Tuesday 7.24.12
The past two days gave us perspective on where the young
African entrepreneurs come from – the village and the city slums. Today we met
with existing businesses that have been mentored or funded by WFL in the past
couple of years.
First we met with Morris and his team who provide outsourced
technical support – traditional local IT support, pc and network break/fix
services, and software/customer support internationally. It was refreshing to
see a vibrate business competing on the global stage. Morris’s employees are on
pay for performance plans that can make them 1.5 MM UGX monthly ($20/day), which
solidly puts them in the middle class. Contrast that with the next business we
visited, an egg business, they pay their employees 50,000 UGX monthly (less than
a $1/day).

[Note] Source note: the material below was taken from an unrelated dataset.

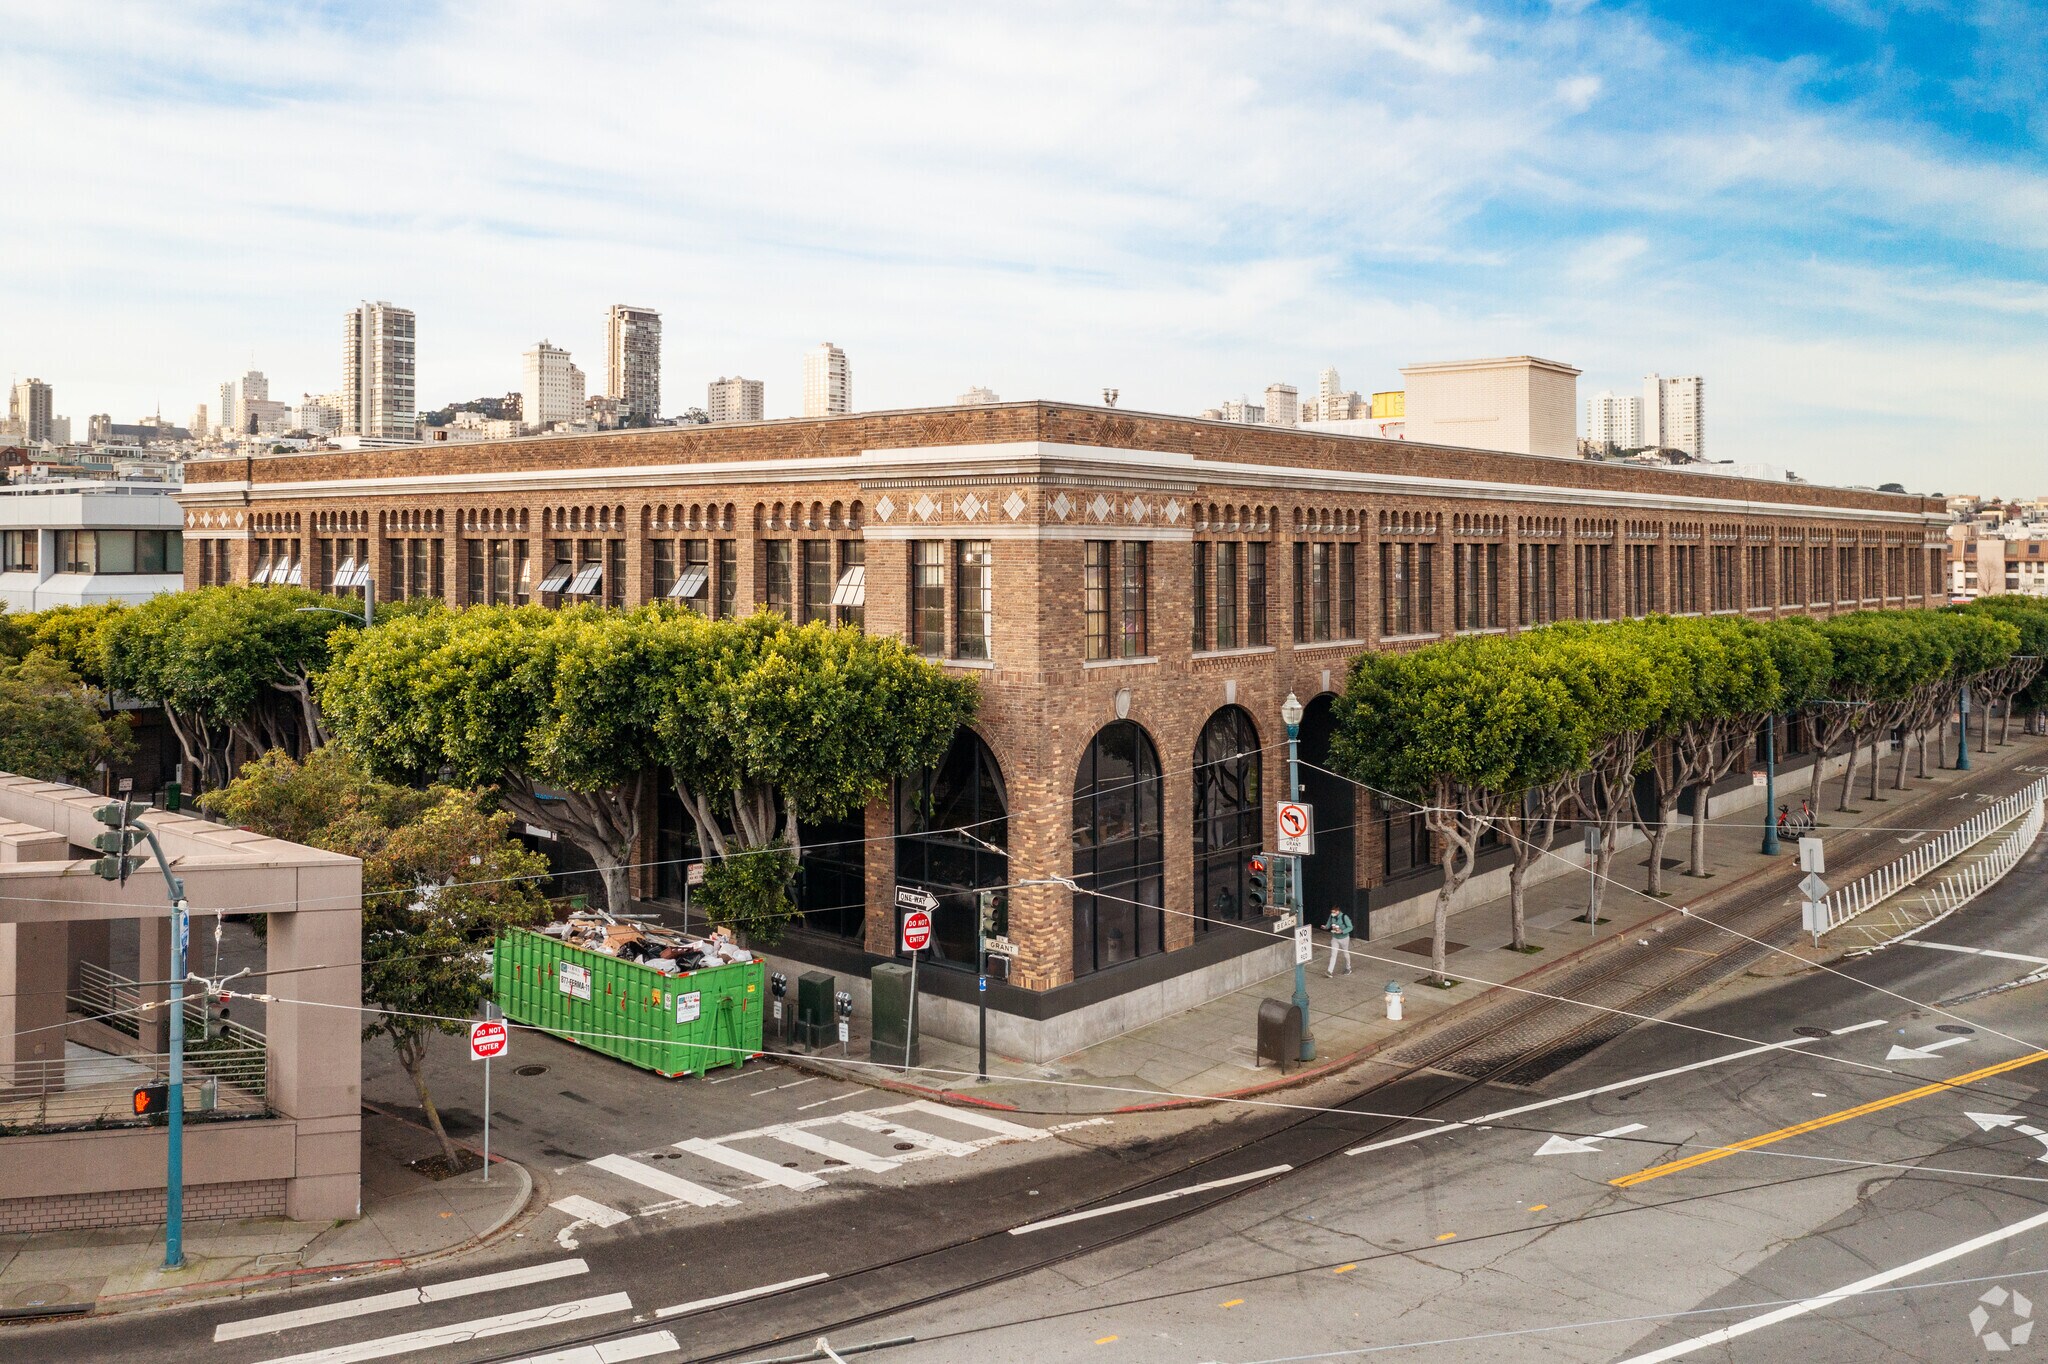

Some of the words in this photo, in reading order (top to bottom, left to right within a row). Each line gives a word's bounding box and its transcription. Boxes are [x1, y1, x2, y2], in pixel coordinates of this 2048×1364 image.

A 30x wage gap is a simple reminder that education and skill
development is a must for progress.
Next we met with Alice and Winnie, who used their 11MM
(~$4,500) UGX loan to buy 700 chicks and grew them to full sized egg laying hens
in 8 months and have been producing 10-12 trays (30 eggs per tray) for the past
7 months resulting in profit of 1.4 MM UGX ($600) monthly, which will be a good
income for the 2 business owners once the debt service has been retired. In
this case the loan is working - giving two people more money, but not making a
bigger impact.
Education, skill development, and commerce works.